Student Research Project
Regulation of cyanobacterial genes by light and the circadian clock
Students
Matthew Gordon
Major: Zoology
Future Plans: Graduate school or industry research
Casey Downs
Major: Biochemistry and Genetics
Future Plans: Graduate school
Professor
Susan S. Golden, Associate Professor, Department of Biology, Texas A&M University, College Station
My laboratory uses cyanobacteria to study two ways that cells coordinate their metabolisms with what is going on in the environment. The first is the regulation of photosynthesis genes by light intensity, and the other is the control of gene expression by a circadian clock. Cyanobacteria are eubacteria that carry out photosynthesis in fundamentally the same way as plant chloroplasts. We have found that they dramatically alter the expression of certain photosynthesis genes in response to changes in light intensity. The outcome is that the cell makes the right amount and the right kind of photosynthesis protein to match the demand for that component under the prevailing conditions. We are trying to learn how the cell senses the change in light intensity and what molecules carry the light signals to the genes. Our work on the circadian clock is aimed at figuring out the timekeeping mechanism. The chemical nature of the biological clock is not known for any organism, and a bacterium that possesses a clock is the simplest available system for revealing the pacemaker.

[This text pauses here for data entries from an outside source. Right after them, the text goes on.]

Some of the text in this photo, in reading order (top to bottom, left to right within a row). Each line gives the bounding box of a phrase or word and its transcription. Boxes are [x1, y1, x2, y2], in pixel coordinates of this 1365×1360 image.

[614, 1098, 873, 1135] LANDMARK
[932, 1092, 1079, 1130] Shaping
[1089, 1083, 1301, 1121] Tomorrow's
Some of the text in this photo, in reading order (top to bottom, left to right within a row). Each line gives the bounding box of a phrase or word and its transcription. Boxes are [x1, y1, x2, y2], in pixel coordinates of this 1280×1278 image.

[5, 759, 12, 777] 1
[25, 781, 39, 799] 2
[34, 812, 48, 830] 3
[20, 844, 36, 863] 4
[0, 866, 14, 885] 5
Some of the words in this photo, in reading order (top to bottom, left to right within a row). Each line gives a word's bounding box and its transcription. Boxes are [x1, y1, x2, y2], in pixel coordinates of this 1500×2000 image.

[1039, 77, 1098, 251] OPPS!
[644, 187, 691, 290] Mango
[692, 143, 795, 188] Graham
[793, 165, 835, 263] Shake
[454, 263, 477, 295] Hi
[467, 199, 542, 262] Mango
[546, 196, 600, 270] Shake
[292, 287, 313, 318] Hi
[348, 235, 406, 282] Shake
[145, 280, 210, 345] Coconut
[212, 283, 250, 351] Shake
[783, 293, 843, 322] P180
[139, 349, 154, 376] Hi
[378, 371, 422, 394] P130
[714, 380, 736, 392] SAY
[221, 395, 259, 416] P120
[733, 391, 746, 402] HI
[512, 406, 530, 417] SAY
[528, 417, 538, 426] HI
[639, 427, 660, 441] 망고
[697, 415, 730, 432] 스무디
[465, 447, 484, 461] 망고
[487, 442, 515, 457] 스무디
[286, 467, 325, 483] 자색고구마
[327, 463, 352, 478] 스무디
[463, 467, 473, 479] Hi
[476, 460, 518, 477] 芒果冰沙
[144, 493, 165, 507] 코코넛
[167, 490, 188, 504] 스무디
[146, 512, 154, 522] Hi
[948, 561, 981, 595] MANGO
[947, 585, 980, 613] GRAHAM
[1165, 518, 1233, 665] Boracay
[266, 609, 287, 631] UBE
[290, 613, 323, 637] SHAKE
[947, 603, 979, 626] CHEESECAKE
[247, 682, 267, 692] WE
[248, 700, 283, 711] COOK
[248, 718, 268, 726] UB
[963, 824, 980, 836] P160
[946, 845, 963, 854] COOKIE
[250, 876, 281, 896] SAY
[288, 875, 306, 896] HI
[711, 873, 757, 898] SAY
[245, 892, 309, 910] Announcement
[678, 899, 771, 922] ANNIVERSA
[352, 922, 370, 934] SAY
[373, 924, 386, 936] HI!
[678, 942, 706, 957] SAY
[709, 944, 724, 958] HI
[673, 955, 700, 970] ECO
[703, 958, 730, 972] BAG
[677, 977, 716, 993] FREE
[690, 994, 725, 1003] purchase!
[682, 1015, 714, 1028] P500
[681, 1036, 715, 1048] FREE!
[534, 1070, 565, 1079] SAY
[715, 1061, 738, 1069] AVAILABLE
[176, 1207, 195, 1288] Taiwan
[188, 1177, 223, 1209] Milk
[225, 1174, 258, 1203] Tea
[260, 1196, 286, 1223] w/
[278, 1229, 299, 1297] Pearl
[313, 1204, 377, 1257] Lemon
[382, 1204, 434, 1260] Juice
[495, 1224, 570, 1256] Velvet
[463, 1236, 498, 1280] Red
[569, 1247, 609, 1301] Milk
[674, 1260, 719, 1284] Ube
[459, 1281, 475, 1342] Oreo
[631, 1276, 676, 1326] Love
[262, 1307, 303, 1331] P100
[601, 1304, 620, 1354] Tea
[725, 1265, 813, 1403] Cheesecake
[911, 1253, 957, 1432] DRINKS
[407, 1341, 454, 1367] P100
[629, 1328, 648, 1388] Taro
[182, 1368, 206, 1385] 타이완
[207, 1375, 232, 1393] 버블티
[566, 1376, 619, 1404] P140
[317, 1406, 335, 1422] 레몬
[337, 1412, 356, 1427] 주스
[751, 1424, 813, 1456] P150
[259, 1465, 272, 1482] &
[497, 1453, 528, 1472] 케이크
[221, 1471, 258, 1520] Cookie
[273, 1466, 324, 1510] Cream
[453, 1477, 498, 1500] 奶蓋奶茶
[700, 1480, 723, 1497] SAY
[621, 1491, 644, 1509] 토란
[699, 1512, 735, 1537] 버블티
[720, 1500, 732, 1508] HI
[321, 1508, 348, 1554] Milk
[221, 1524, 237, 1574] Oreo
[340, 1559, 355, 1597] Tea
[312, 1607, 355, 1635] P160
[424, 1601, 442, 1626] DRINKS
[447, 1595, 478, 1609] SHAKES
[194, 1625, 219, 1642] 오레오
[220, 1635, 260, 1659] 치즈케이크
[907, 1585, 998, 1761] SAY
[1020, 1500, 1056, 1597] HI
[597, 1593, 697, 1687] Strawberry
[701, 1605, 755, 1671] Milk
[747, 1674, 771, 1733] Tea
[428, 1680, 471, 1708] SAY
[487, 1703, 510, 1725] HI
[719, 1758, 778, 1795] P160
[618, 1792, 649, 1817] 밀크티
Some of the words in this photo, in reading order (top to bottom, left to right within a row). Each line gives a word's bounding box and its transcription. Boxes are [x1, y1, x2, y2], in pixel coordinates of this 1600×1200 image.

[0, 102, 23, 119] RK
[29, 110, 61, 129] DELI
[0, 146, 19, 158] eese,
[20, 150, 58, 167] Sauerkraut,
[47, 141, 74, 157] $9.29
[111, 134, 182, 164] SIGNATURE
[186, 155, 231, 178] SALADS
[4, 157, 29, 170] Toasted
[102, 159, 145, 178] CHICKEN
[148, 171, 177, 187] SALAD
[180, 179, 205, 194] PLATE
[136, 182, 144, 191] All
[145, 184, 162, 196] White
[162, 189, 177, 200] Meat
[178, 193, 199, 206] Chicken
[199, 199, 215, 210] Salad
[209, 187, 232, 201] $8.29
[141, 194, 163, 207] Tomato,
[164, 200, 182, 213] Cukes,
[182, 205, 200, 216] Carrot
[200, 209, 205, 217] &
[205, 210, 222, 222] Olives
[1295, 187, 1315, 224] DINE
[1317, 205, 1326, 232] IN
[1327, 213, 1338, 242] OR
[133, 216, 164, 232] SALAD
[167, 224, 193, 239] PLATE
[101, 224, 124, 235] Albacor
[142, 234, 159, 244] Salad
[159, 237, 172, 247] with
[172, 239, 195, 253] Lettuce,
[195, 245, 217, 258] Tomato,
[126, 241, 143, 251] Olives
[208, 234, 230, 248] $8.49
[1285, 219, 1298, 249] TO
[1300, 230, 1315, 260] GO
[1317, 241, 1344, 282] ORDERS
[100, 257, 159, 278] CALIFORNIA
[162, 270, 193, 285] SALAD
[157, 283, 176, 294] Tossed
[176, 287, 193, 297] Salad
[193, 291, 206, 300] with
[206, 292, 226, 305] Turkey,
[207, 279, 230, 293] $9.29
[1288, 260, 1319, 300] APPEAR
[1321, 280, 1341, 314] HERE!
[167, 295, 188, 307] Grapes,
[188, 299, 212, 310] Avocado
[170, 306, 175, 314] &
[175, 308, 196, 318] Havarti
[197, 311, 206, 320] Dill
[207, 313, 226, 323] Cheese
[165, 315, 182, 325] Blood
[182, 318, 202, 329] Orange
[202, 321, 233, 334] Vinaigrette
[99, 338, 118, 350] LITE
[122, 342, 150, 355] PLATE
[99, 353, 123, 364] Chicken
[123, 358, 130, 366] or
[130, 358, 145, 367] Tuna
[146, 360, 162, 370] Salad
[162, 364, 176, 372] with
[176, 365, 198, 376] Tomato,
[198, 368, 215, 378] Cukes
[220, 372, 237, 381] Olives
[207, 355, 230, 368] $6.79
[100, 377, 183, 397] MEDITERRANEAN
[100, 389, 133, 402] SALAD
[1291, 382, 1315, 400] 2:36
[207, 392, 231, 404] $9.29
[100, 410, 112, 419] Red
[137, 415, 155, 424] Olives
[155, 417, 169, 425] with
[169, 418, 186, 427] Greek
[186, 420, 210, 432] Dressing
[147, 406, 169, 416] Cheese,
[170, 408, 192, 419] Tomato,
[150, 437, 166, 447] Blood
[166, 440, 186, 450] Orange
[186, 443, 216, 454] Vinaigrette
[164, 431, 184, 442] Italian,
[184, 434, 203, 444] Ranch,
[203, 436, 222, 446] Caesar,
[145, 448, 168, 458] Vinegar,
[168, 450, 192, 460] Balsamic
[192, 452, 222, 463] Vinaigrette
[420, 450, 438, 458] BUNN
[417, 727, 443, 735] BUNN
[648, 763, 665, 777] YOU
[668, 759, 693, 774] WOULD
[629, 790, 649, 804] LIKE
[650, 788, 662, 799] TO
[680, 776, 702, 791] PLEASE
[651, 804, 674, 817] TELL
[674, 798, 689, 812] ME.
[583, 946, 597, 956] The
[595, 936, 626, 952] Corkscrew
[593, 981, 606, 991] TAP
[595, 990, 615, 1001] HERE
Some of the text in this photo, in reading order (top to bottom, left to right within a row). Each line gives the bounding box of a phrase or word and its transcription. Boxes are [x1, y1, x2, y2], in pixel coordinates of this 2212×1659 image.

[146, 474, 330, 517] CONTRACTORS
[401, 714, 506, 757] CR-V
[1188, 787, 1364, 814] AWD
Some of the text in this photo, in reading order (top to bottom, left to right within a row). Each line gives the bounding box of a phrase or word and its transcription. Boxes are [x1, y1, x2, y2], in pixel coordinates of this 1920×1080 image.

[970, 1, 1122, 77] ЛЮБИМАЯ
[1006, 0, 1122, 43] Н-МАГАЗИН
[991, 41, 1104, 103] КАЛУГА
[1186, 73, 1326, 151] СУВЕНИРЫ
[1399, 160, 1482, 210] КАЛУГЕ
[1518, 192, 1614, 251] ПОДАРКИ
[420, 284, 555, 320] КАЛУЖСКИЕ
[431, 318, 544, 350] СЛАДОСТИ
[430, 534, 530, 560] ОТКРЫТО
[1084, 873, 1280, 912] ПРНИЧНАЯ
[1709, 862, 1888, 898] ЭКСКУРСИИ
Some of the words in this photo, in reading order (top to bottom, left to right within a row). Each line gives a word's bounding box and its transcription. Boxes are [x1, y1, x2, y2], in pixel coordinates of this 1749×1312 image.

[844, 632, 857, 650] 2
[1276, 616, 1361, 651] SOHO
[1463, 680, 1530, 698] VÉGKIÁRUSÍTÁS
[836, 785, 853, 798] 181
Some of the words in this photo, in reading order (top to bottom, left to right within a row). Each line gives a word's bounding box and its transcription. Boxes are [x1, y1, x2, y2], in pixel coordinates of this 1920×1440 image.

For both projects, we follow the expression of "reporter genes" in which the regulatory signals of light- or clock-controlled genes are hooked up to the coding regions of genes whose expression is easy to measure. One of our favorite reporters is the luxAB gene set, whose product is a light-producing enzyme. Cells that carry luxAB glow as a function of the gene whose regulatory signals are being measured. A sensitive video camera can record the light production. When luxAB is fused to a clock-controlled gene, light production rises and falls in a daily cycle. For measurement of light-regulated genes, we can see that the amount of light produced by the cells depends on how much light the cells absorbed before the measurement.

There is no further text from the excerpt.